Task goal
Retype the entries below exactly, dropping the images.

[Records for this task Boundary: Start]

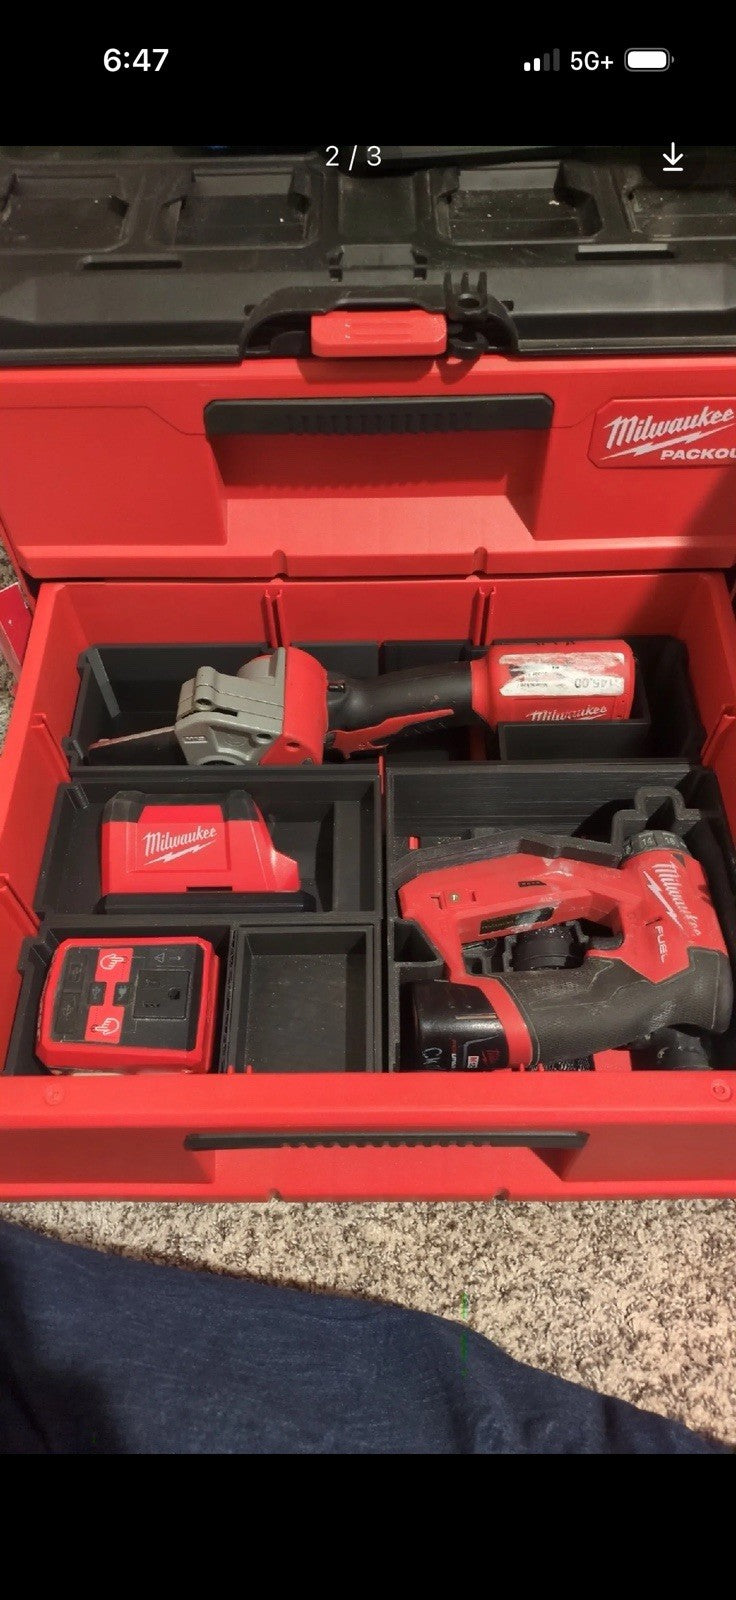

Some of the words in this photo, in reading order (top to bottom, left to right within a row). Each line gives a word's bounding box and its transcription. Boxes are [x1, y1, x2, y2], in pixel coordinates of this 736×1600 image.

[603, 405, 735, 450] Milwaukee
[525, 704, 608, 721] Milwaukee
[142, 825, 218, 857] Milwaukee
[652, 861, 701, 936] Milwaukee
[655, 925, 668, 963] FUEL
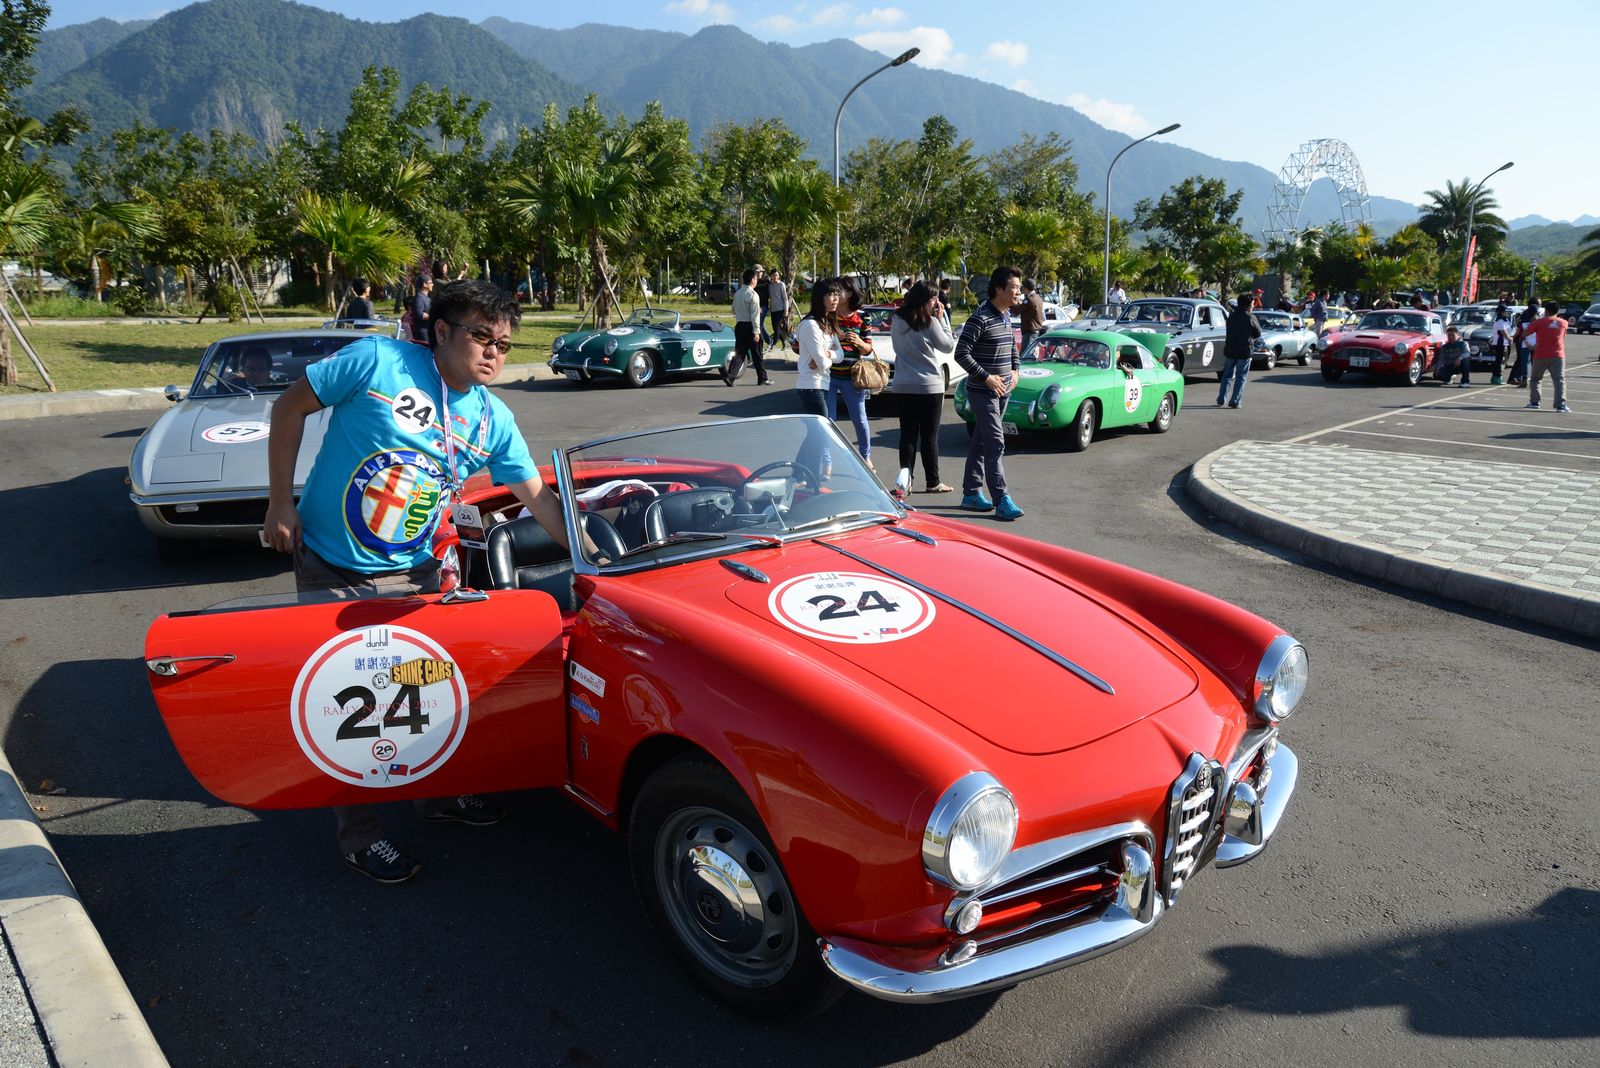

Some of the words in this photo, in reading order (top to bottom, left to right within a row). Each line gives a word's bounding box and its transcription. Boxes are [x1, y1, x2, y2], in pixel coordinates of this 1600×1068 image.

[1130, 388, 1138, 400] 39
[395, 395, 432, 427] 24
[218, 427, 261, 436] 57
[353, 452, 405, 493] ALFA
[806, 590, 901, 621] 24
[366, 629, 388, 647] dunhill
[393, 659, 424, 685] SHINE
[425, 660, 452, 683] CARS
[323, 705, 359, 716] RALLY
[414, 699, 437, 710] 2013
[333, 685, 430, 742] 24
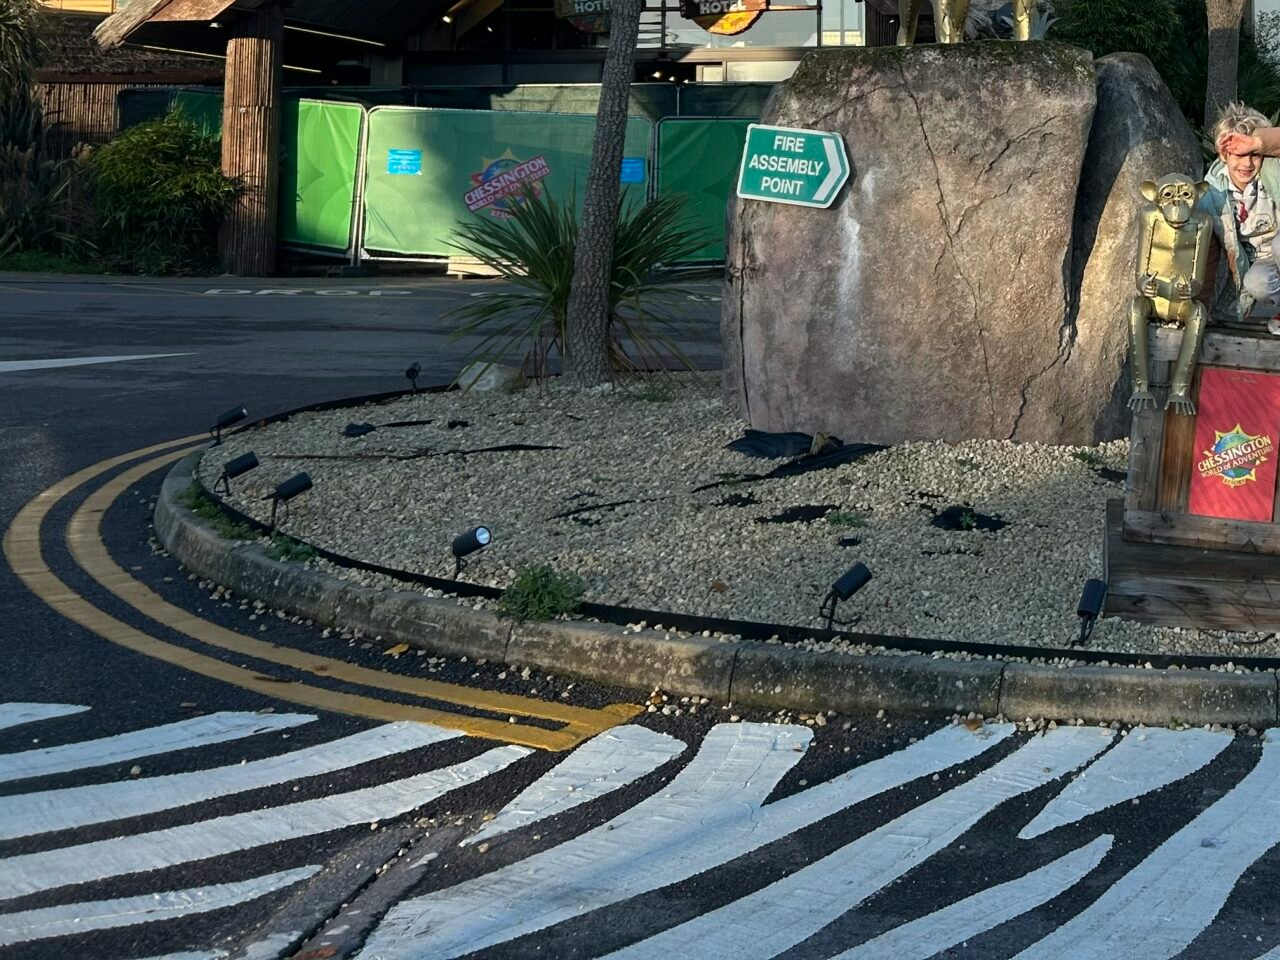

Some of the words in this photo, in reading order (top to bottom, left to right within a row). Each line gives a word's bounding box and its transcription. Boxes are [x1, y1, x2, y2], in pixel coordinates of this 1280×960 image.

[773, 135, 806, 153] FIRE
[748, 154, 824, 177] ASSEMBLY
[464, 156, 547, 205] CHESSINGTON
[760, 176, 804, 196] POINT
[468, 195, 495, 211] WORLD
[1197, 435, 1272, 472] CHESSINGTON
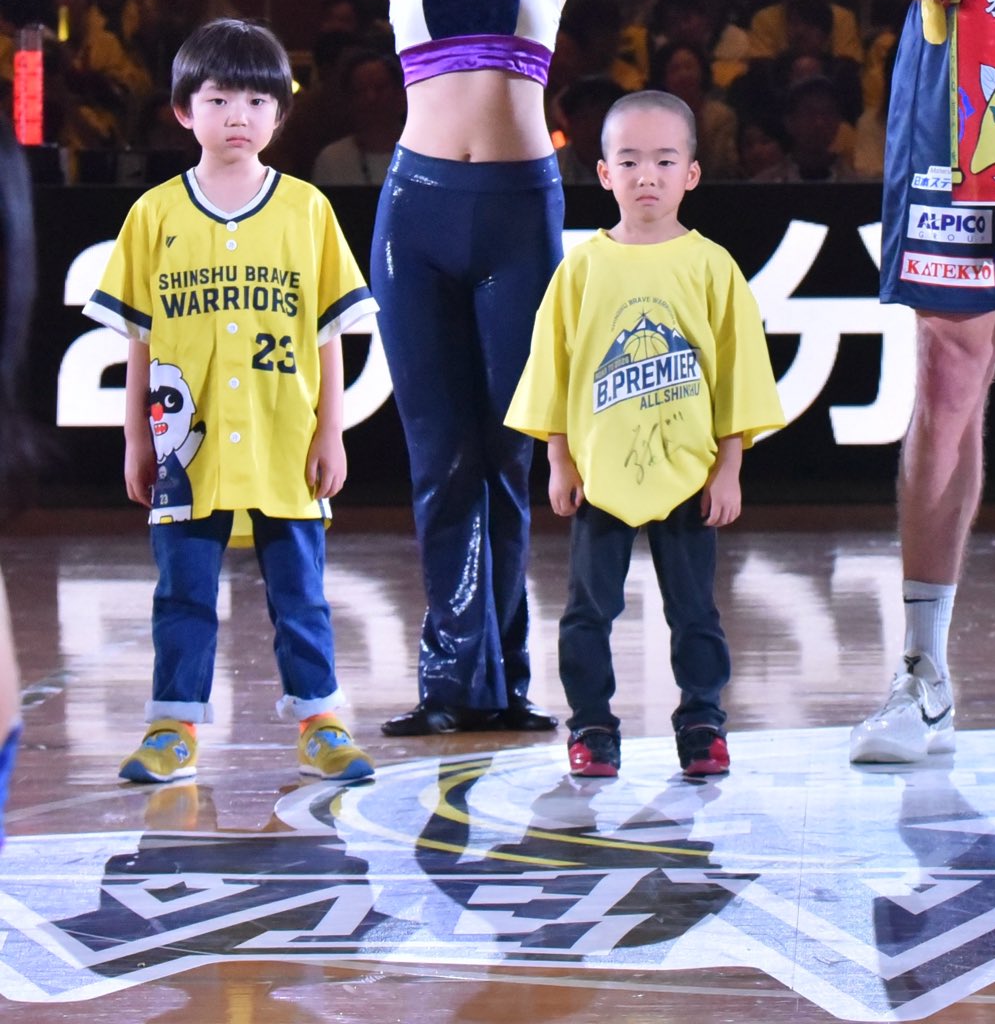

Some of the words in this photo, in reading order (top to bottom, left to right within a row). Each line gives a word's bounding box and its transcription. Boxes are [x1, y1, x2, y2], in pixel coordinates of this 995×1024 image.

[917, 211, 986, 234] ALPICO
[159, 265, 238, 290] SHINSHU
[245, 265, 301, 290] BRAVE
[906, 259, 992, 280] KATEKYO
[160, 286, 299, 319] WARRIORS
[251, 332, 297, 375] 23
[596, 352, 697, 409] B.PREMIER

[Records for this task Boundary: End]

Solution to this problem
Some of the words in this photo, in reading order (top to bottom, left to right within a row). Each line gives a word's bounding box and its transcription. Boxes are [x1, y1, x2, y2], in pixel coordinates of this 736×1600 image.

[603, 405, 735, 450] Milwaukee
[525, 704, 608, 721] Milwaukee
[142, 825, 218, 857] Milwaukee
[652, 861, 701, 936] Milwaukee
[655, 925, 668, 963] FUEL

Some of the words in this photo, in reading order (top to bottom, left to right within a row). Each line gives a word's bounding box and its transcription. Boxes are [x1, y1, x2, y2], in pixel coordinates of this 1600×1068 image.

[1130, 388, 1138, 400] 39
[395, 395, 432, 427] 24
[218, 427, 261, 436] 57
[353, 452, 405, 493] ALFA
[806, 590, 901, 621] 24
[366, 629, 388, 647] dunhill
[393, 659, 424, 685] SHINE
[425, 660, 452, 683] CARS
[323, 705, 359, 716] RALLY
[414, 699, 437, 710] 2013
[333, 685, 430, 742] 24

Some of the words in this photo, in reading order (top to bottom, left to right within a row). Each line gives a word's bounding box and its transcription. Boxes are [x1, y1, x2, y2], in pixel coordinates of this 1280×960 image.

[773, 135, 806, 153] FIRE
[748, 154, 824, 177] ASSEMBLY
[464, 156, 547, 205] CHESSINGTON
[760, 176, 804, 196] POINT
[468, 195, 495, 211] WORLD
[1197, 435, 1272, 472] CHESSINGTON

Some of the words in this photo, in reading order (top to bottom, left to right within a row). Each line gives a word's bounding box and its transcription. Boxes are [x1, y1, x2, y2], in pixel coordinates of this 995×1024 image.

[917, 211, 986, 234] ALPICO
[159, 265, 238, 290] SHINSHU
[245, 265, 301, 290] BRAVE
[906, 259, 992, 280] KATEKYO
[160, 286, 299, 319] WARRIORS
[251, 332, 297, 375] 23
[596, 352, 697, 409] B.PREMIER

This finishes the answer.